* _YOUR OBJECTIVE_: Reproduce the closing part of the entries exactly: the line with "this 2000×1500 image." and all lines after it, ending with the last line, and nothing else.

===== EXERCISE MATERIALS =====

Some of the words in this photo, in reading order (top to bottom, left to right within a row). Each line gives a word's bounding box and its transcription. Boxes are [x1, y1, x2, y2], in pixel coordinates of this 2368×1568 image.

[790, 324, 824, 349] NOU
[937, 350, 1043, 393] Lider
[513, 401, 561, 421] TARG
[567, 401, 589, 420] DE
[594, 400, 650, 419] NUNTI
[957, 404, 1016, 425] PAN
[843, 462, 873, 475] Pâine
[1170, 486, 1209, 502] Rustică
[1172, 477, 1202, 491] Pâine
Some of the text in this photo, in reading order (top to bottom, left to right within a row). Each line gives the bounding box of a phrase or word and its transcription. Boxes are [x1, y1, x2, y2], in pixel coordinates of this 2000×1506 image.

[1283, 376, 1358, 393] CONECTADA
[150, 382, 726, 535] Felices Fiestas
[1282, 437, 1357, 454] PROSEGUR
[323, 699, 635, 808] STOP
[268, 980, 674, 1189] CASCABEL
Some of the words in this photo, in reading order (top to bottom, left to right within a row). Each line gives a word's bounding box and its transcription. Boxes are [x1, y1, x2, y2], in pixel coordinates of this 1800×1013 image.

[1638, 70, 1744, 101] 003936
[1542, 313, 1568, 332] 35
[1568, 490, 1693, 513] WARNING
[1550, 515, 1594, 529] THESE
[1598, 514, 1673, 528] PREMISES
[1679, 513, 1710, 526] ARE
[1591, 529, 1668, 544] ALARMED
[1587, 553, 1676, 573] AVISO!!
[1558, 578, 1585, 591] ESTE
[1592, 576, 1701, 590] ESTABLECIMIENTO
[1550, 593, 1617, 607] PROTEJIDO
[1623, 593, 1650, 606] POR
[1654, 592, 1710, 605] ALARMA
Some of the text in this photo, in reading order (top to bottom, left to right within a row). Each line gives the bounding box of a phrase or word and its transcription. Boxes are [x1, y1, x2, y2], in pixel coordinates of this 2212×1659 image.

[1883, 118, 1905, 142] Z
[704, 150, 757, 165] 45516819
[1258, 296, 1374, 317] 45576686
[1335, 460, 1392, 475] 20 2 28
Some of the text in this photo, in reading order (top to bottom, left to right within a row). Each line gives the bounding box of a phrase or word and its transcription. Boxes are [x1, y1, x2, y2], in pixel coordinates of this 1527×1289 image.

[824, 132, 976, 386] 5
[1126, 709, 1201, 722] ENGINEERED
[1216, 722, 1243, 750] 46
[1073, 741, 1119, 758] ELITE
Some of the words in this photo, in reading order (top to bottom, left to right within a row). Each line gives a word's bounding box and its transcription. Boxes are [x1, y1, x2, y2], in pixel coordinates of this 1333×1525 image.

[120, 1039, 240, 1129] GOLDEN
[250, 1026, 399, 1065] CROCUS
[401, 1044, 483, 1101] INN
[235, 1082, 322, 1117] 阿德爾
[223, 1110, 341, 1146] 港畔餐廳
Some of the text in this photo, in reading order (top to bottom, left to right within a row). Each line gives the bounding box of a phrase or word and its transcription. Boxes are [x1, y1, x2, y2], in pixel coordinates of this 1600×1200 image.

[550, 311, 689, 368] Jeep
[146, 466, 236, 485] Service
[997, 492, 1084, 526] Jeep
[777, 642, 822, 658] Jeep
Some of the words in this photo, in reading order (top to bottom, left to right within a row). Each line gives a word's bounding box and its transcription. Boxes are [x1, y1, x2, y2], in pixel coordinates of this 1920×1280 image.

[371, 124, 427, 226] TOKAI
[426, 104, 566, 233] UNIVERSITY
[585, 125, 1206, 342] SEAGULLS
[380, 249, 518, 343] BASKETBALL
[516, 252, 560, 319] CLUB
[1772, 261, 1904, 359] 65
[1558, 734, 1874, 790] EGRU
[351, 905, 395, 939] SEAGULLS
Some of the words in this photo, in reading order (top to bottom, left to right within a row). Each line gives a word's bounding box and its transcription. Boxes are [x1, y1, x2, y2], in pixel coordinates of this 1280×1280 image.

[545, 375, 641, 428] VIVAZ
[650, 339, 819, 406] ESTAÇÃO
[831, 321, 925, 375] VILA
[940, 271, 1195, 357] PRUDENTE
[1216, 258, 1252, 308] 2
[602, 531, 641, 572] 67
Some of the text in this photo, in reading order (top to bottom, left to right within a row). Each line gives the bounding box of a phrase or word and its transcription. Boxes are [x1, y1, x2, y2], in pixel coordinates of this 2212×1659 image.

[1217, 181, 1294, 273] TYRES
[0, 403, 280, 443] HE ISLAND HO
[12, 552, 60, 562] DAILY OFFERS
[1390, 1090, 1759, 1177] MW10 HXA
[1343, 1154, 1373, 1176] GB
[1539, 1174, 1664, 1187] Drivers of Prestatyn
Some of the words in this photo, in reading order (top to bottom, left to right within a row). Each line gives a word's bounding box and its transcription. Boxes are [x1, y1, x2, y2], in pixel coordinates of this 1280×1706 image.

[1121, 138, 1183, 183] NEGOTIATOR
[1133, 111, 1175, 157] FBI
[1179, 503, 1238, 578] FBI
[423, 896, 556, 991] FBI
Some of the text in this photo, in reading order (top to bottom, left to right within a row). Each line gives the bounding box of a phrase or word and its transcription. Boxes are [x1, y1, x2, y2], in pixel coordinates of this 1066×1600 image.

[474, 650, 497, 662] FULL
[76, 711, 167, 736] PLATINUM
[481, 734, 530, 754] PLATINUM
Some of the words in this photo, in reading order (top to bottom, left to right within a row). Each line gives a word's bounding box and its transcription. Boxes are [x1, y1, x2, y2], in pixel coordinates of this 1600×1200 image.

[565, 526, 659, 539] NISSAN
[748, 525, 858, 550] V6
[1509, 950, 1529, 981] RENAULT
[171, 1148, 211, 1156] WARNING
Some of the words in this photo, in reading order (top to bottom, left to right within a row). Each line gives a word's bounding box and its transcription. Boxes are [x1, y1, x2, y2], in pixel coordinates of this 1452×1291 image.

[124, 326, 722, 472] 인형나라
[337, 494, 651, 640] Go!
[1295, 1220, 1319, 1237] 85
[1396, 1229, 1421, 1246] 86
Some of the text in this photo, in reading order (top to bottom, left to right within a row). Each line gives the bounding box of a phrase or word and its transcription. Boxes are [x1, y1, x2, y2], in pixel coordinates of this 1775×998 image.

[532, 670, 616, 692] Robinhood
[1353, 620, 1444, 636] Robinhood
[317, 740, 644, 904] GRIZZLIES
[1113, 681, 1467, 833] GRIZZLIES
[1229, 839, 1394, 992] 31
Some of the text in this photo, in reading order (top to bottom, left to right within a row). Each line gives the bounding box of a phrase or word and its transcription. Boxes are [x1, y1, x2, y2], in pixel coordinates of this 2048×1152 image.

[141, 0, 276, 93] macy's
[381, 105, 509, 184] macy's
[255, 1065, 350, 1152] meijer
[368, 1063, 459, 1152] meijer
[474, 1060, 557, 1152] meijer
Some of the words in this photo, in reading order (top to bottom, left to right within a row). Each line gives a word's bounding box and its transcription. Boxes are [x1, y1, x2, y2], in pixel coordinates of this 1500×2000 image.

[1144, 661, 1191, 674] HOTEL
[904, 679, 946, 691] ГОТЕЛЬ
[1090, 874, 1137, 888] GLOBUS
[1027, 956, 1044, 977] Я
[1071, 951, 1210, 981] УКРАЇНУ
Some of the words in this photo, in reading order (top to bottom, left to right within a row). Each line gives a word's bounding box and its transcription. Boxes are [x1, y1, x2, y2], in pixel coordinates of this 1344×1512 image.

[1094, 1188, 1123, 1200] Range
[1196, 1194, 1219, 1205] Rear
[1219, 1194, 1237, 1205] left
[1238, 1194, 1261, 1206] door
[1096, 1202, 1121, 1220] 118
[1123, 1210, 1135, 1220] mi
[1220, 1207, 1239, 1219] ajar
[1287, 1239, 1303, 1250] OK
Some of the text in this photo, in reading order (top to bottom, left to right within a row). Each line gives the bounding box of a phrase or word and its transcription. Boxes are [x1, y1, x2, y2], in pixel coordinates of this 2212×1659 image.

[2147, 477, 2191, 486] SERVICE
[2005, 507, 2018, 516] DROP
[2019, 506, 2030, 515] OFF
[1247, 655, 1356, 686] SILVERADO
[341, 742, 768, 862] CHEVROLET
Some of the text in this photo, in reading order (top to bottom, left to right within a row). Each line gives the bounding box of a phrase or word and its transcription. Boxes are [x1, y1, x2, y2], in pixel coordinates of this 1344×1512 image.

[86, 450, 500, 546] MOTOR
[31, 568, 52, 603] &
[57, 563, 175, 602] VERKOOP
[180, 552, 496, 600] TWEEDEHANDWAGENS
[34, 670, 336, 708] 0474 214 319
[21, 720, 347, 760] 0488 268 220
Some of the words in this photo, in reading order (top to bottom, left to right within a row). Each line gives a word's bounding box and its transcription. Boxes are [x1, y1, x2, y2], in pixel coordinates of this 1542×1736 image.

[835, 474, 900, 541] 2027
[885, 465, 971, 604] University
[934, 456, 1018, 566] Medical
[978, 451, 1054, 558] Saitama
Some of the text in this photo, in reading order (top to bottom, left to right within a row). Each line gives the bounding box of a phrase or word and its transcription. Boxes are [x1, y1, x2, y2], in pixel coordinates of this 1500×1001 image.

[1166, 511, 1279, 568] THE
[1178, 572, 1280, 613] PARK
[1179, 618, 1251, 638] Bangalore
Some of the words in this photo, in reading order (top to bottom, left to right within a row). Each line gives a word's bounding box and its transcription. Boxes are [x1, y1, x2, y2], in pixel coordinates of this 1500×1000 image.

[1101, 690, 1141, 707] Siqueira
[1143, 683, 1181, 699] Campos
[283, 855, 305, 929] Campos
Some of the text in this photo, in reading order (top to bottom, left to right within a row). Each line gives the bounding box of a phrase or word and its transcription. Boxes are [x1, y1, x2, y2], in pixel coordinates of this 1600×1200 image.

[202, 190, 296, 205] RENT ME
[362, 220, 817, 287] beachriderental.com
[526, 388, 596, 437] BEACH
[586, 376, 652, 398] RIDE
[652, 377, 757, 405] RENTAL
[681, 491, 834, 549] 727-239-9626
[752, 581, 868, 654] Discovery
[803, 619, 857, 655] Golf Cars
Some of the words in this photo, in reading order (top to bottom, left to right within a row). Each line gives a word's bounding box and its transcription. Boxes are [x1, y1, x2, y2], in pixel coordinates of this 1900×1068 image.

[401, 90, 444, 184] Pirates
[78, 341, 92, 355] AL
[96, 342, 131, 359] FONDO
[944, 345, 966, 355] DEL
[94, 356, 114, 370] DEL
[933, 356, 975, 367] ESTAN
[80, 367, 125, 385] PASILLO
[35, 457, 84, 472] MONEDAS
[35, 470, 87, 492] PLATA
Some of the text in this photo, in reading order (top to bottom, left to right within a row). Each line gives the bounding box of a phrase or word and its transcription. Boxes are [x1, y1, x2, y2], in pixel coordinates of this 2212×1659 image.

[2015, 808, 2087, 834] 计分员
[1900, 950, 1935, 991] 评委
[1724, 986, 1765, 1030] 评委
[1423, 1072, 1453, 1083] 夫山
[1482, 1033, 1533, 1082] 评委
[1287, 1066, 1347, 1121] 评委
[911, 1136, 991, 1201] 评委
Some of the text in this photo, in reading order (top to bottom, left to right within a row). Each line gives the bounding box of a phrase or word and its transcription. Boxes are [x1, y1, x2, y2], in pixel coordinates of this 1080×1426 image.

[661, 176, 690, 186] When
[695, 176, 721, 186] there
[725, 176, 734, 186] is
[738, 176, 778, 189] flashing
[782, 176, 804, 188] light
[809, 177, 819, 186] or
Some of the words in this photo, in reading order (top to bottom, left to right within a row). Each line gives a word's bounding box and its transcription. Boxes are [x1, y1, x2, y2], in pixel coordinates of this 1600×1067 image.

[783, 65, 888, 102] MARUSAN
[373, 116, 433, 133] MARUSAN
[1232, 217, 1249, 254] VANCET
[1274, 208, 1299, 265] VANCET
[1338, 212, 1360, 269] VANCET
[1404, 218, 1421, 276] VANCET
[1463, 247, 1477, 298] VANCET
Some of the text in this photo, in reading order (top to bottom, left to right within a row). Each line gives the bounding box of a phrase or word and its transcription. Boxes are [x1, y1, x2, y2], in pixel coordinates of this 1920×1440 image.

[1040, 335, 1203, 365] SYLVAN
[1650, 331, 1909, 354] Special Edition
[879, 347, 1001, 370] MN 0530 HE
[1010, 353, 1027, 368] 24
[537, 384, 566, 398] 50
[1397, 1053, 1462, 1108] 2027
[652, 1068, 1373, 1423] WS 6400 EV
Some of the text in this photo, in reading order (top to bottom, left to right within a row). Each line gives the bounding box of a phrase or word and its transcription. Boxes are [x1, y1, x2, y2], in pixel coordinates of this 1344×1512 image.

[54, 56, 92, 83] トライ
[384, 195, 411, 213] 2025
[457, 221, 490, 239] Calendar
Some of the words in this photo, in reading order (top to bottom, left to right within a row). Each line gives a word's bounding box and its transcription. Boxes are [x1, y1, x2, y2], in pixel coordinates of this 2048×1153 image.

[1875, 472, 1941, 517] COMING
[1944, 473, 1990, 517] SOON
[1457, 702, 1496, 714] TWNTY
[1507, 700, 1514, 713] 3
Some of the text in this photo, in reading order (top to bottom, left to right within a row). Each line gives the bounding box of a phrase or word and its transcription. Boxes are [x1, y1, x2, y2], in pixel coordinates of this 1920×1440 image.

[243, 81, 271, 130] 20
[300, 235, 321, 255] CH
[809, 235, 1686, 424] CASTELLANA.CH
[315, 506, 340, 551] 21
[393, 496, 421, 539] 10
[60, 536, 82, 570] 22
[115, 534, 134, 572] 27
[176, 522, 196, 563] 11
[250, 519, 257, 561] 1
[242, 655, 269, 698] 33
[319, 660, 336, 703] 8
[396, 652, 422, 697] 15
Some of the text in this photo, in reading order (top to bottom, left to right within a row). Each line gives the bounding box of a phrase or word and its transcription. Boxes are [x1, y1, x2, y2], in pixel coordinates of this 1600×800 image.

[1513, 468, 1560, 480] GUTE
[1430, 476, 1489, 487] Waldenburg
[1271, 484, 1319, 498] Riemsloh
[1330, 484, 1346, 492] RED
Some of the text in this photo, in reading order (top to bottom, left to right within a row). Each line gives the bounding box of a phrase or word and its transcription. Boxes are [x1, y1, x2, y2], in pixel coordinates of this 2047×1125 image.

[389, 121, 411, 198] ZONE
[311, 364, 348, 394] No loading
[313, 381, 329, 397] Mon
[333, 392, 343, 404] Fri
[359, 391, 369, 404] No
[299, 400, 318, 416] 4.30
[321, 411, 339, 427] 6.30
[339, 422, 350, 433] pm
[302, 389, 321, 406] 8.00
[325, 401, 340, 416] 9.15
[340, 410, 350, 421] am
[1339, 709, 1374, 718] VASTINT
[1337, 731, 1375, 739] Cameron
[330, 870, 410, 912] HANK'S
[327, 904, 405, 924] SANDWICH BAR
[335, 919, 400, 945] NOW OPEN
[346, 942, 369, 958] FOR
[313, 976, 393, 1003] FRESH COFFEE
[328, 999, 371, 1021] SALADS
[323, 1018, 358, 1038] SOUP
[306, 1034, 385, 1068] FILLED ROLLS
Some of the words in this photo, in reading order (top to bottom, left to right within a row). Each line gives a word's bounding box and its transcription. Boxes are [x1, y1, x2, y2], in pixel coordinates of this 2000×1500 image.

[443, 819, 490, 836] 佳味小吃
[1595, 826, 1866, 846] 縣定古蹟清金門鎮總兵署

=====

* _ANSWER SECTION_:
Some of the words in this photo, in reading order (top to bottom, left to right within a row). Each line gives a word's bounding box and its transcription. Boxes are [x1, y1, x2, y2], in pixel coordinates of this 2000×1500 image.

[443, 819, 490, 836] 佳味小吃
[1595, 826, 1866, 846] 縣定古蹟清金門鎮總兵署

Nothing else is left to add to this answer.